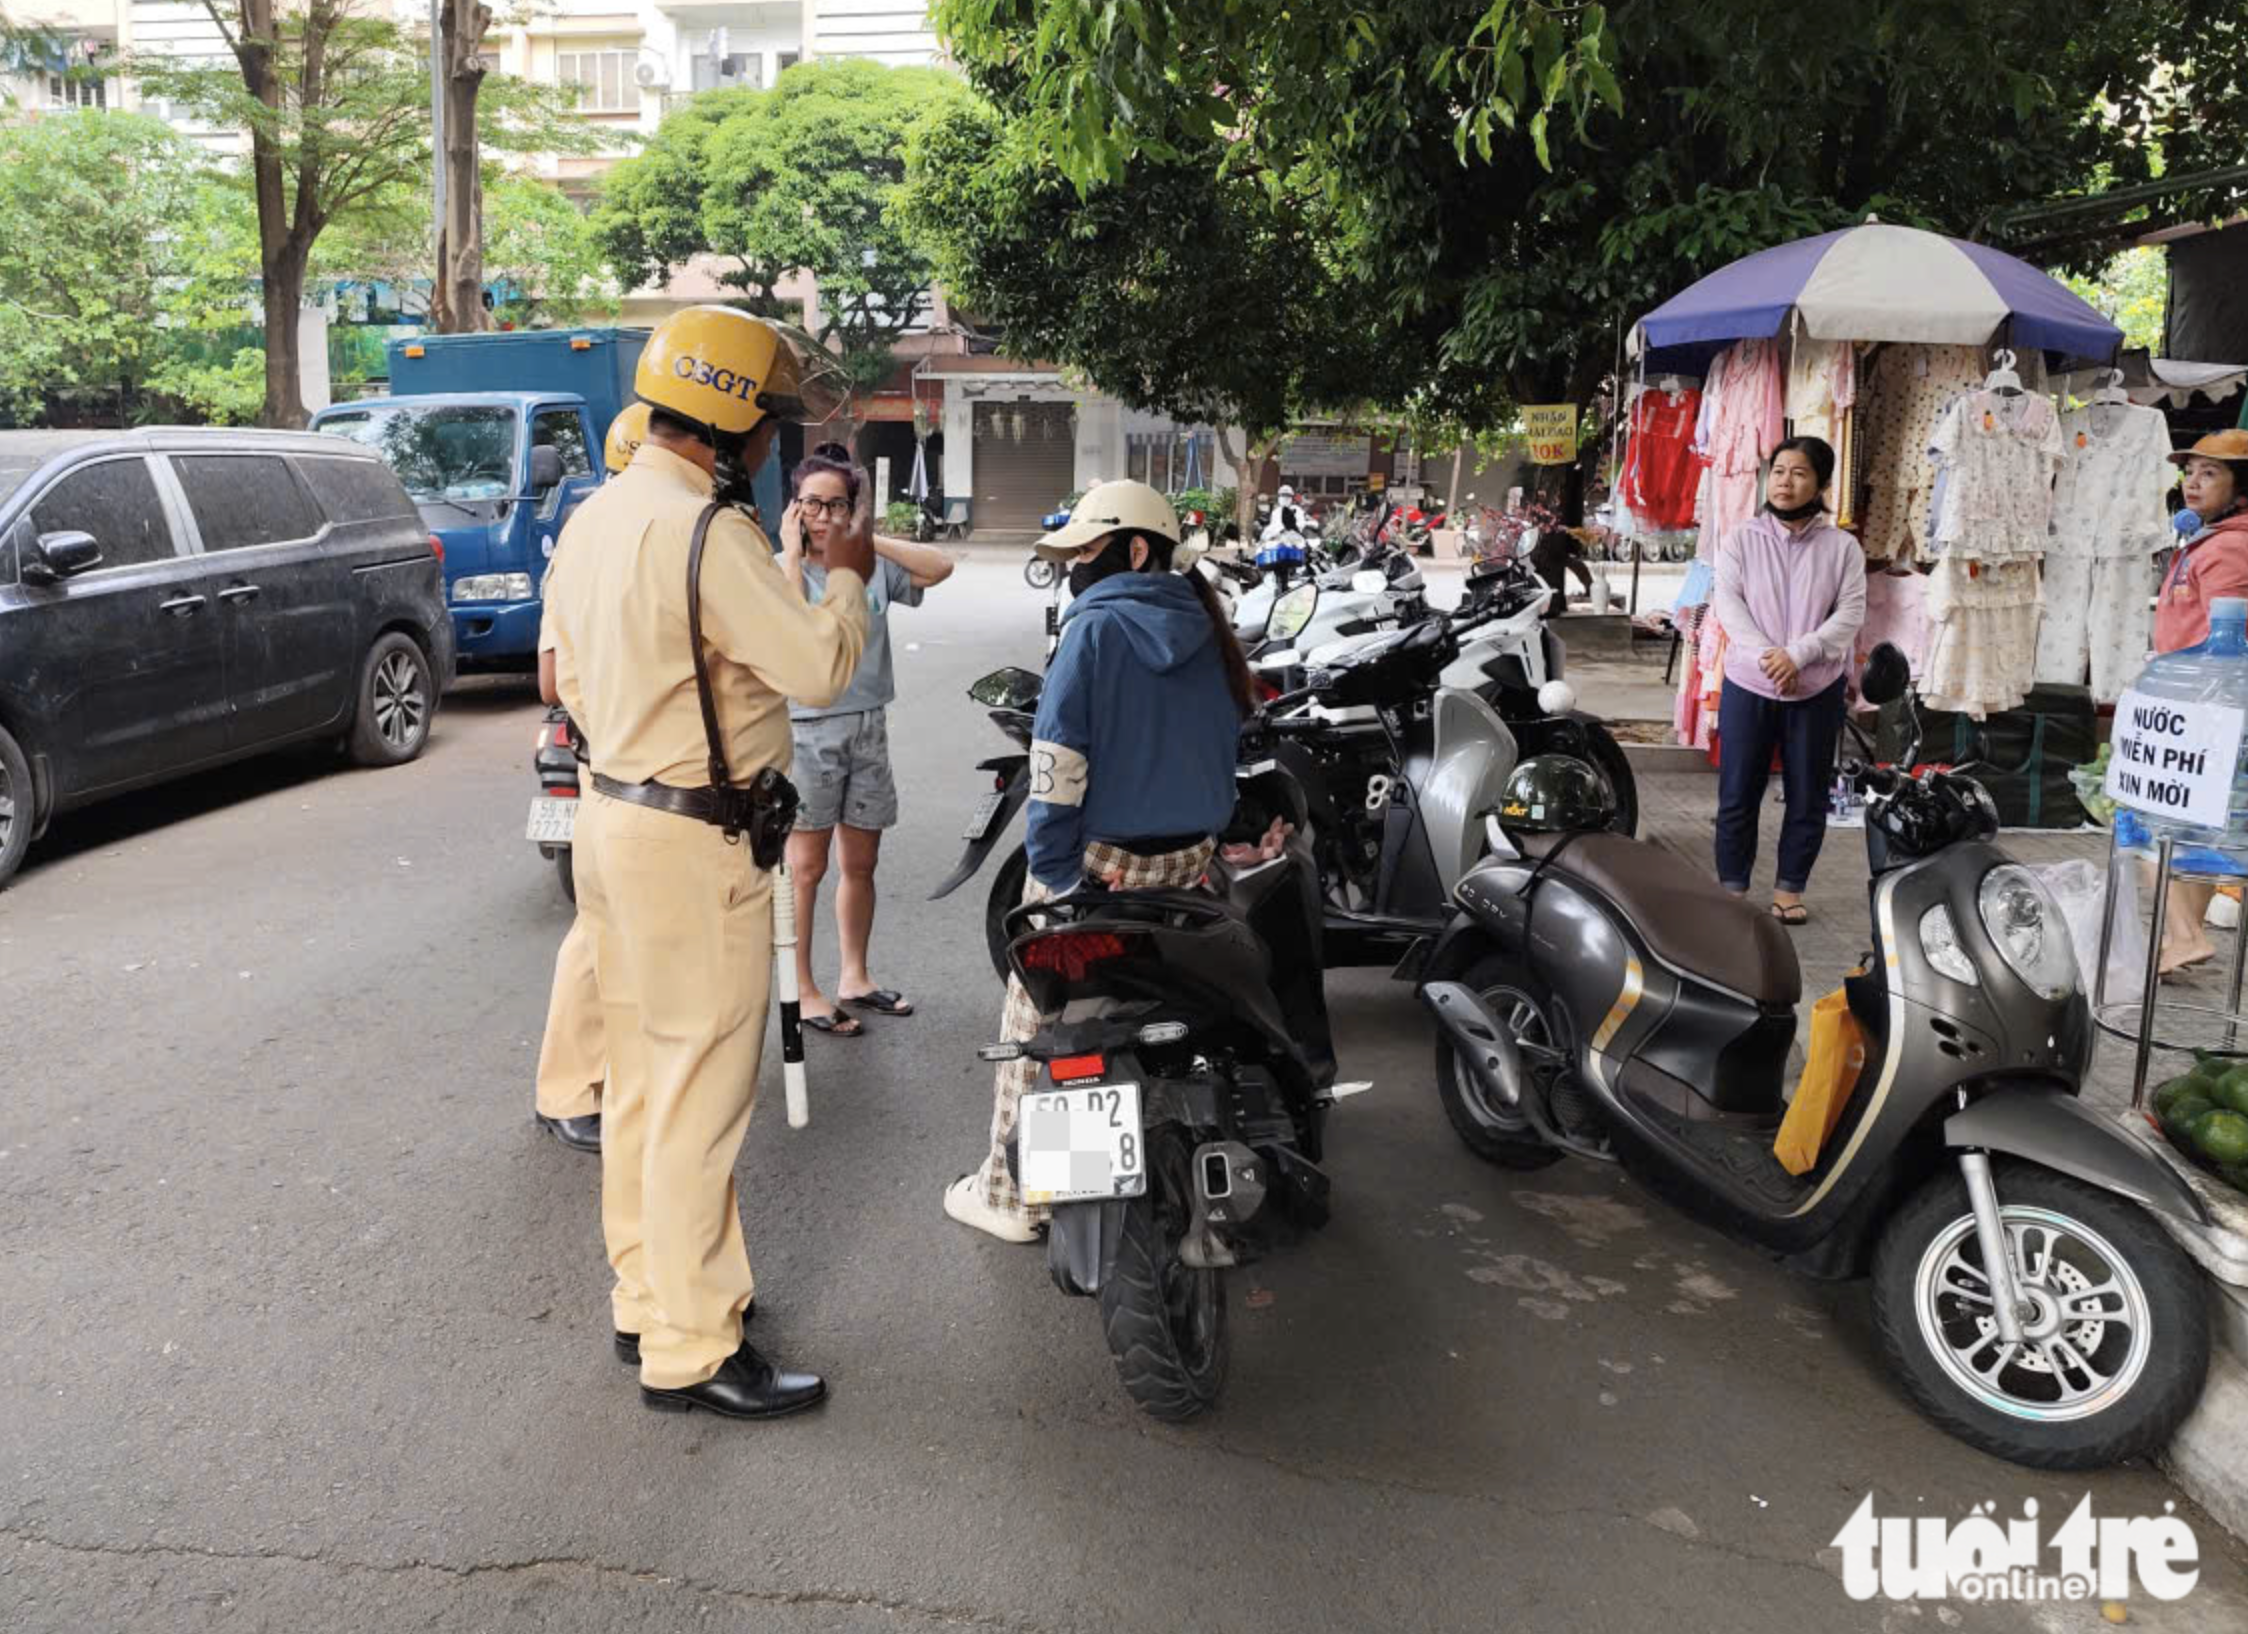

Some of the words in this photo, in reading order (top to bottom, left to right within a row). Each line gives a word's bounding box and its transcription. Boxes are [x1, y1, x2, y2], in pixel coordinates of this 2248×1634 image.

[675, 356, 757, 402] CSGT
[616, 440, 641, 456] CS
[1532, 443, 1566, 460] 10K
[2133, 705, 2186, 736] NƯỚC
[2163, 748, 2208, 775] PHÍ
[2118, 769, 2141, 797] XIN
[2147, 778, 2190, 808] MỜI

* * * * * * *

TASK TO COMPLETE: Give the entries above again, exactly as written and free of images.

EXERCISE OUTPUT:
Some of the words in this photo, in reading order (top to bottom, left to right within a row). Each line gives a word's bounding box and its transcription. Boxes are [x1, y1, x2, y2], in pixel coordinates of this 2248×1634 image.

[675, 356, 757, 402] CSGT
[616, 440, 641, 456] CS
[1532, 443, 1566, 460] 10K
[2133, 705, 2186, 736] NƯỚC
[2163, 748, 2208, 775] PHÍ
[2118, 769, 2141, 797] XIN
[2147, 778, 2190, 808] MỜI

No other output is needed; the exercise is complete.